***** Data shown

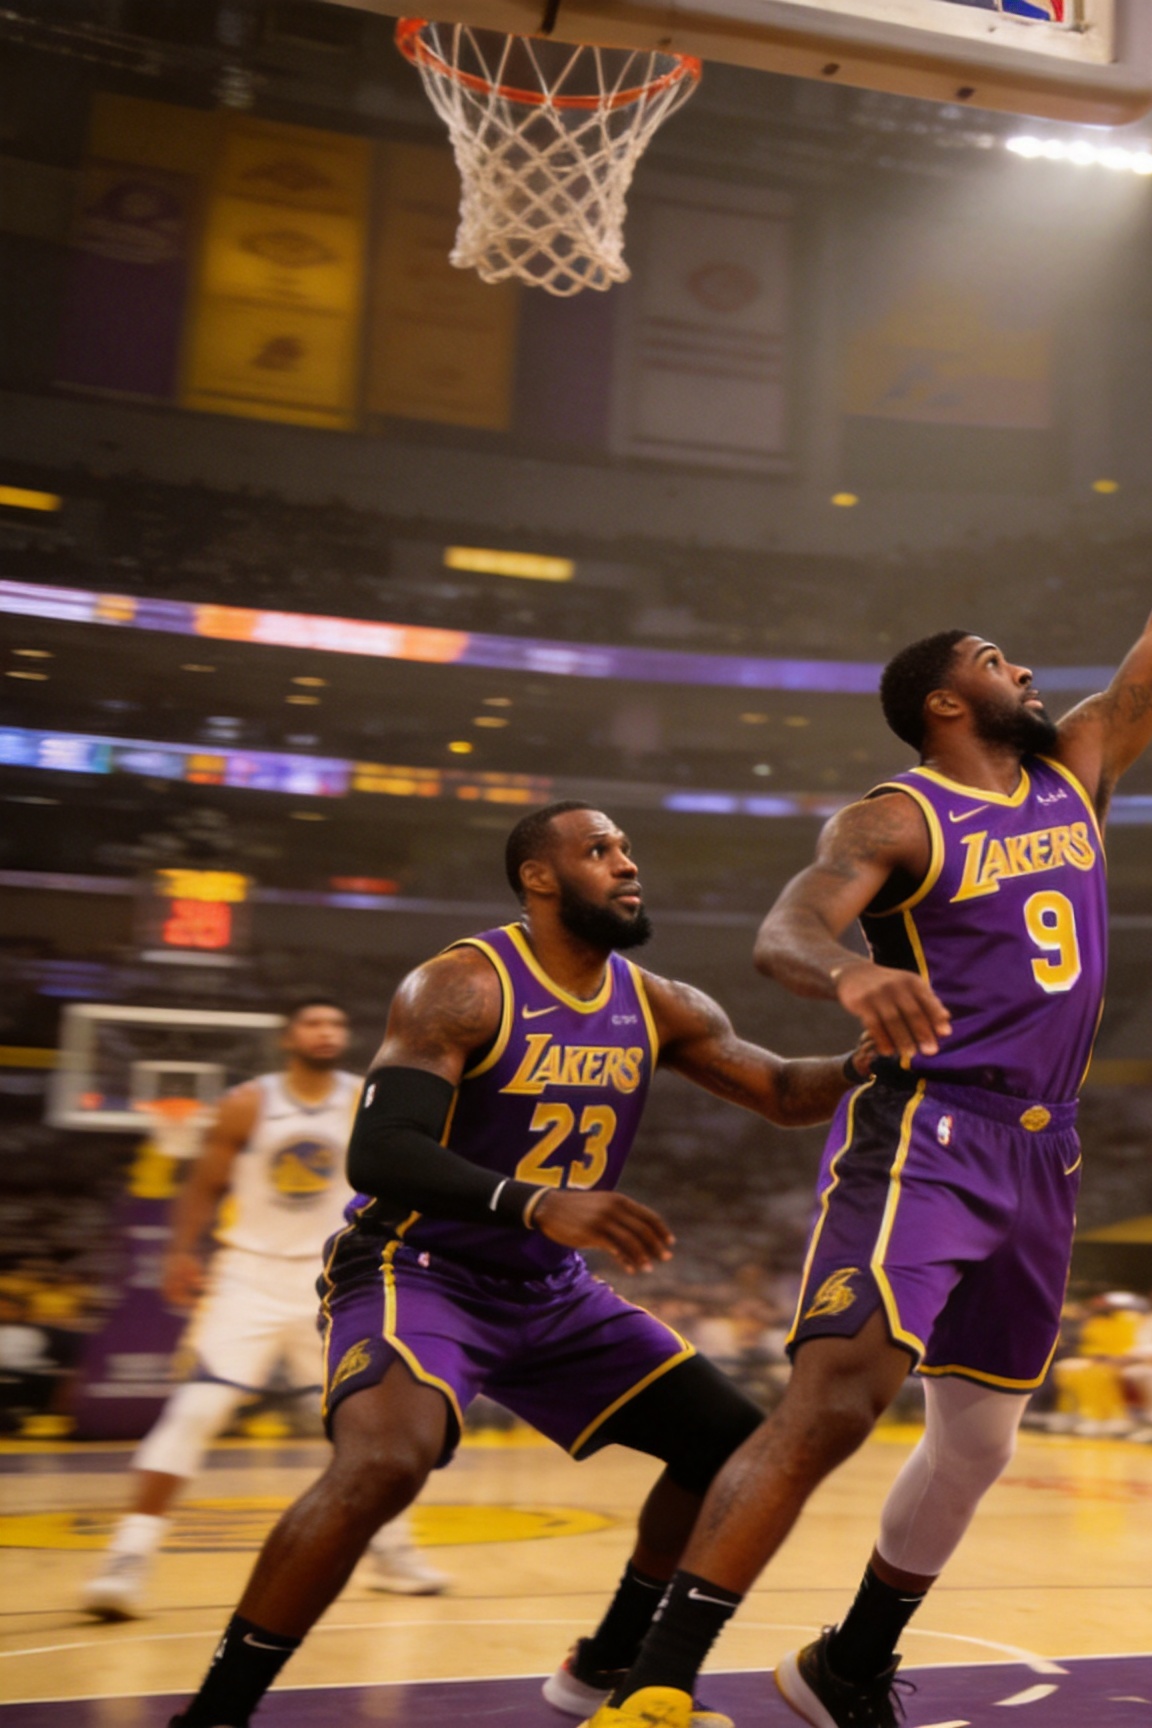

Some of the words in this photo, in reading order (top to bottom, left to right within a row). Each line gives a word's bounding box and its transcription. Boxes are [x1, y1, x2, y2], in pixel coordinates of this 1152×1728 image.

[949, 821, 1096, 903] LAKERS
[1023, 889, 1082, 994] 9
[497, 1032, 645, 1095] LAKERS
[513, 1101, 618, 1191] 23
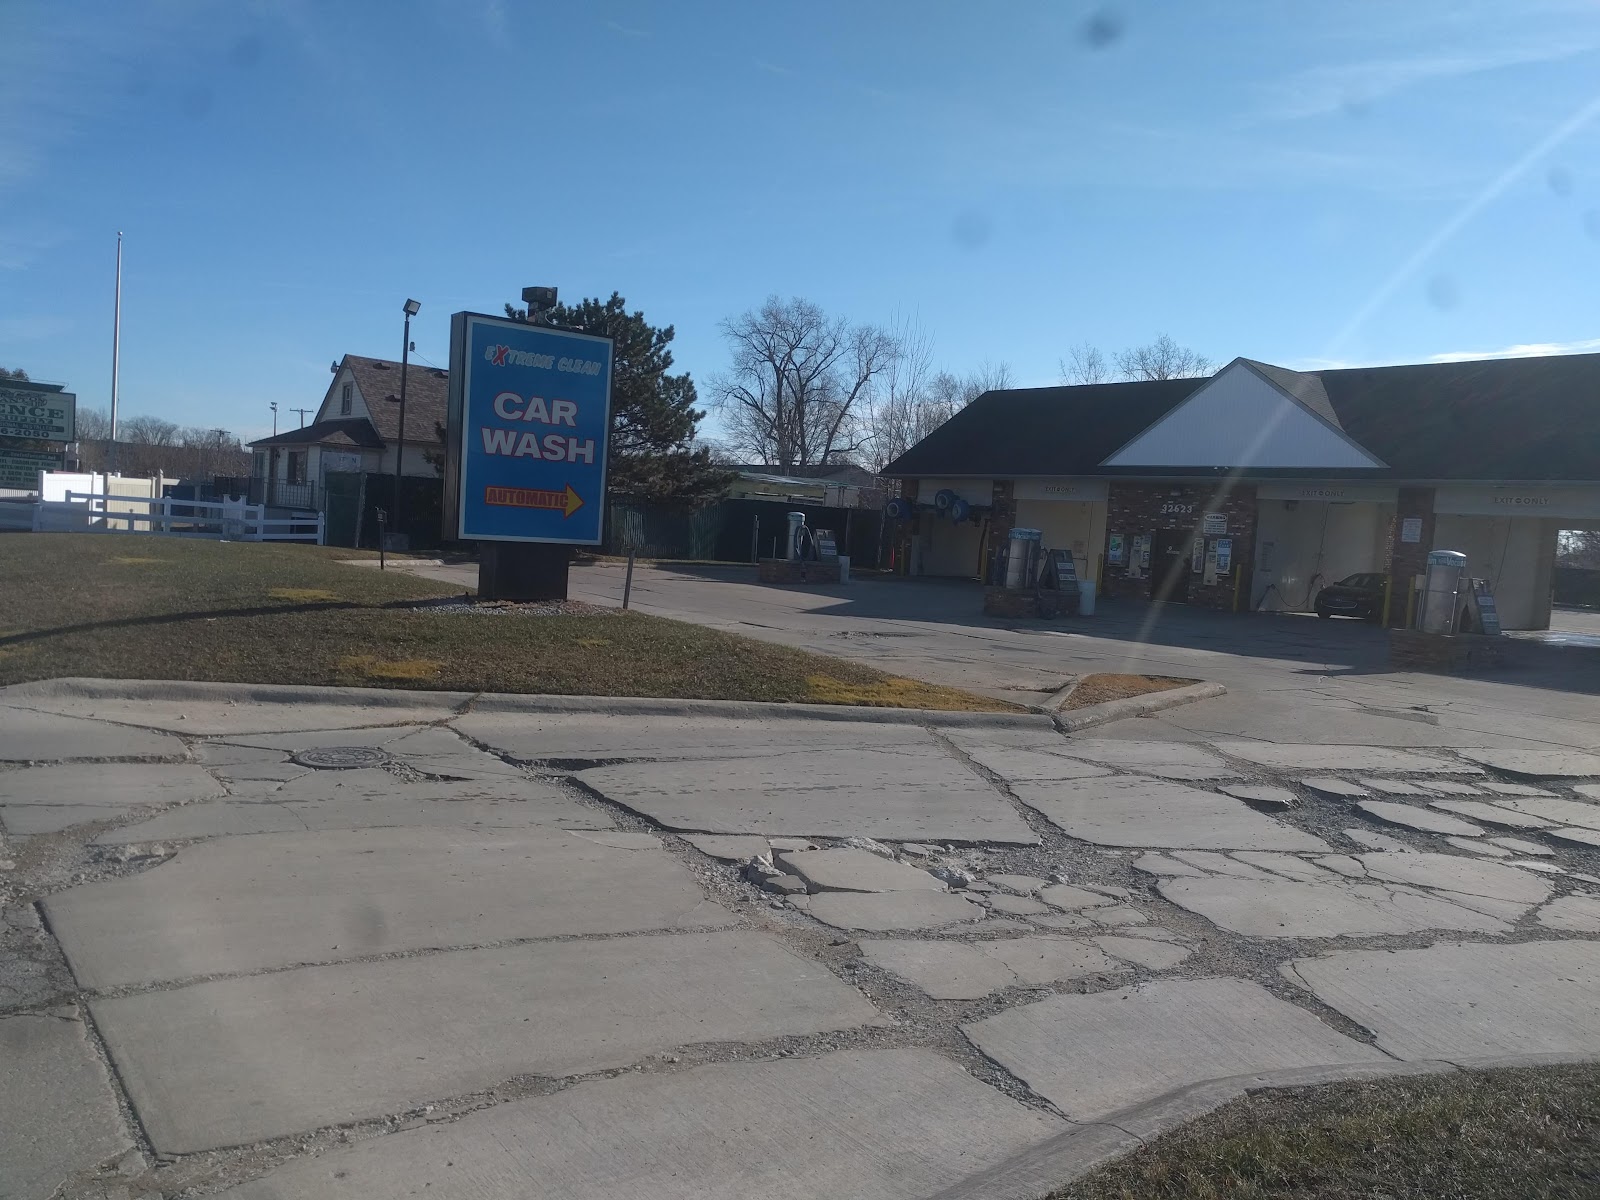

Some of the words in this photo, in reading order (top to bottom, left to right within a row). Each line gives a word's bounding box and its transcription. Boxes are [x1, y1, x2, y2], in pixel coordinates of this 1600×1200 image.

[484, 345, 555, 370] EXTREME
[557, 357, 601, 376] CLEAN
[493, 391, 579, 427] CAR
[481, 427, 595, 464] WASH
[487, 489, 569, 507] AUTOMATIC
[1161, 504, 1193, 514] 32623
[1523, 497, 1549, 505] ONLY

**********

Render the records above word for word and leave the pictures out.

Some of the words in this photo, in reading order (top to bottom, left to right within a row). Each line gives a word's bounding box and its transcription. Boxes are [x1, y1, x2, y2], in pixel coordinates of this 1152×1728 image.

[949, 821, 1096, 903] LAKERS
[1023, 889, 1082, 994] 9
[497, 1032, 645, 1095] LAKERS
[513, 1101, 618, 1191] 23

Some of the words in this photo, in reading order (top to bottom, left to right within a row). Each line gives a word's bounding box and its transcription. Boxes are [x1, y1, x2, y2], in pixel coordinates of this 1600×1200 image.

[484, 345, 555, 370] EXTREME
[557, 357, 601, 376] CLEAN
[493, 391, 579, 427] CAR
[481, 427, 595, 464] WASH
[487, 489, 569, 507] AUTOMATIC
[1161, 504, 1193, 514] 32623
[1523, 497, 1549, 505] ONLY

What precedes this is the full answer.